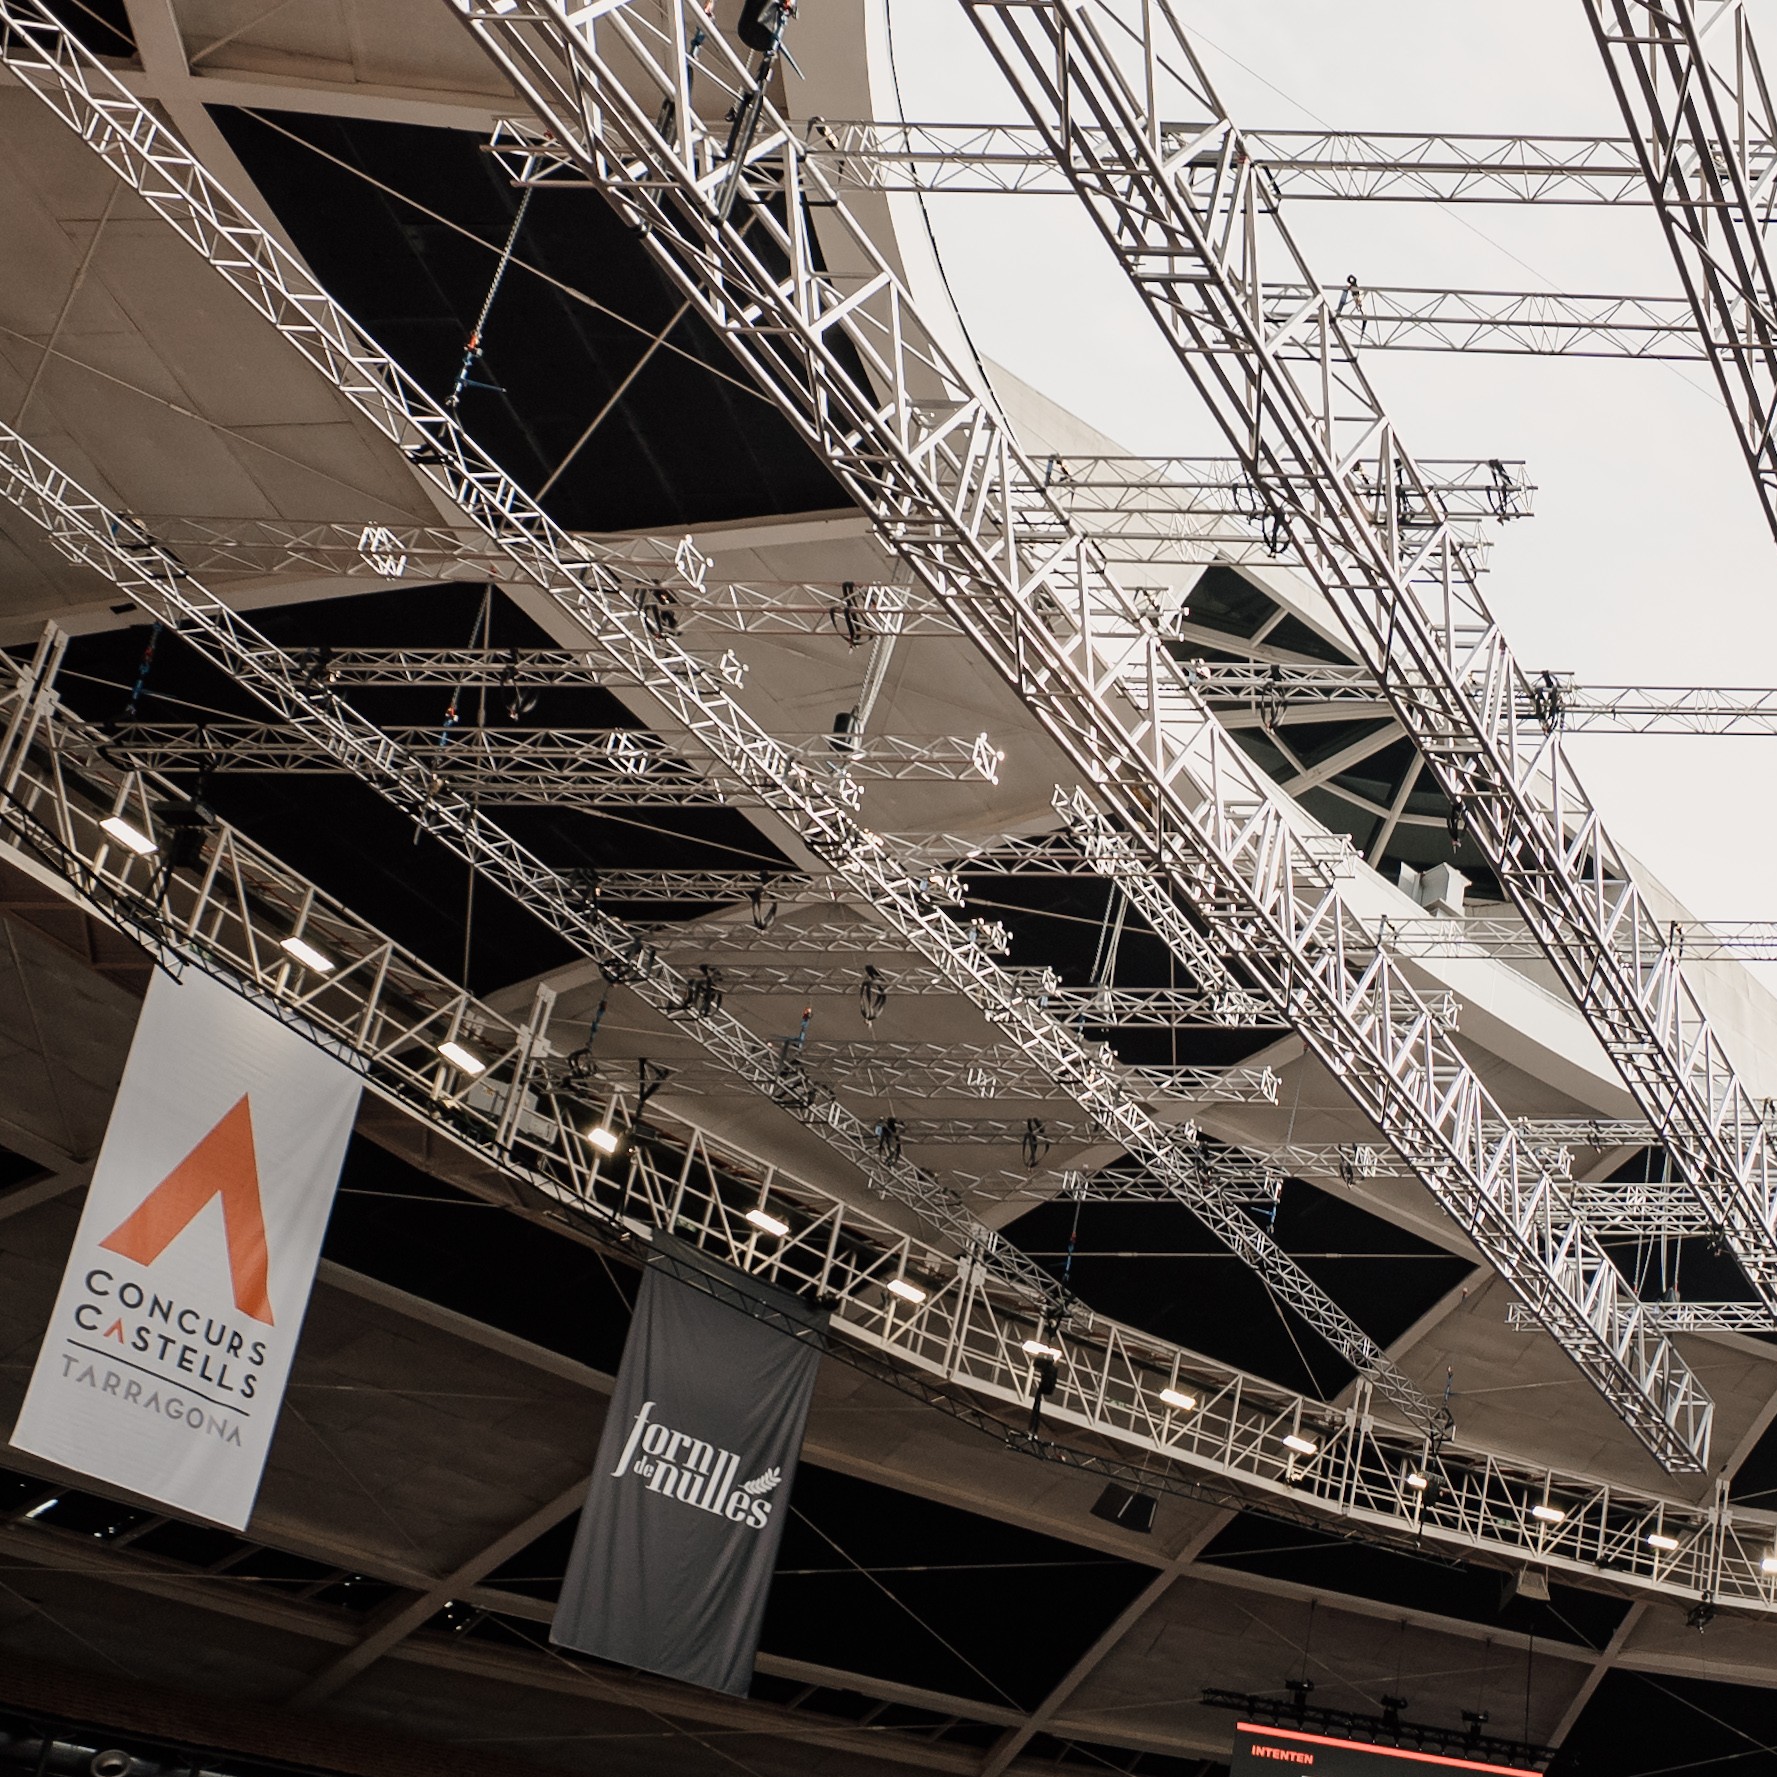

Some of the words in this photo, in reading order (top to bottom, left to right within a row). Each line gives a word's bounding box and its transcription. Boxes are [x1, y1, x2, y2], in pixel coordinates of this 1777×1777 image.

[75, 1304, 258, 1399] CASTELLS
[85, 1269, 267, 1366] CONCURS
[62, 1353, 242, 1447] TARRAGONA
[610, 1401, 715, 1478] forn
[633, 1455, 655, 1478] de
[645, 1448, 773, 1529] nulles
[1252, 1744, 1314, 1766] INTENTEN

########

◆ What to work on: Pictures aside, retype all of the entries word for word.

◆ Your response:
Some of the words in this photo, in reading order (top to bottom, left to right within a row). Each line gives a word's bounding box and its transcription. Boxes are [x1, y1, x2, y2], in pixel coordinates of this 1777×1777 image.

[75, 1304, 258, 1399] CASTELLS
[85, 1269, 267, 1366] CONCURS
[62, 1353, 242, 1447] TARRAGONA
[610, 1401, 715, 1478] forn
[633, 1455, 655, 1478] de
[645, 1448, 773, 1529] nulles
[1252, 1744, 1314, 1766] INTENTEN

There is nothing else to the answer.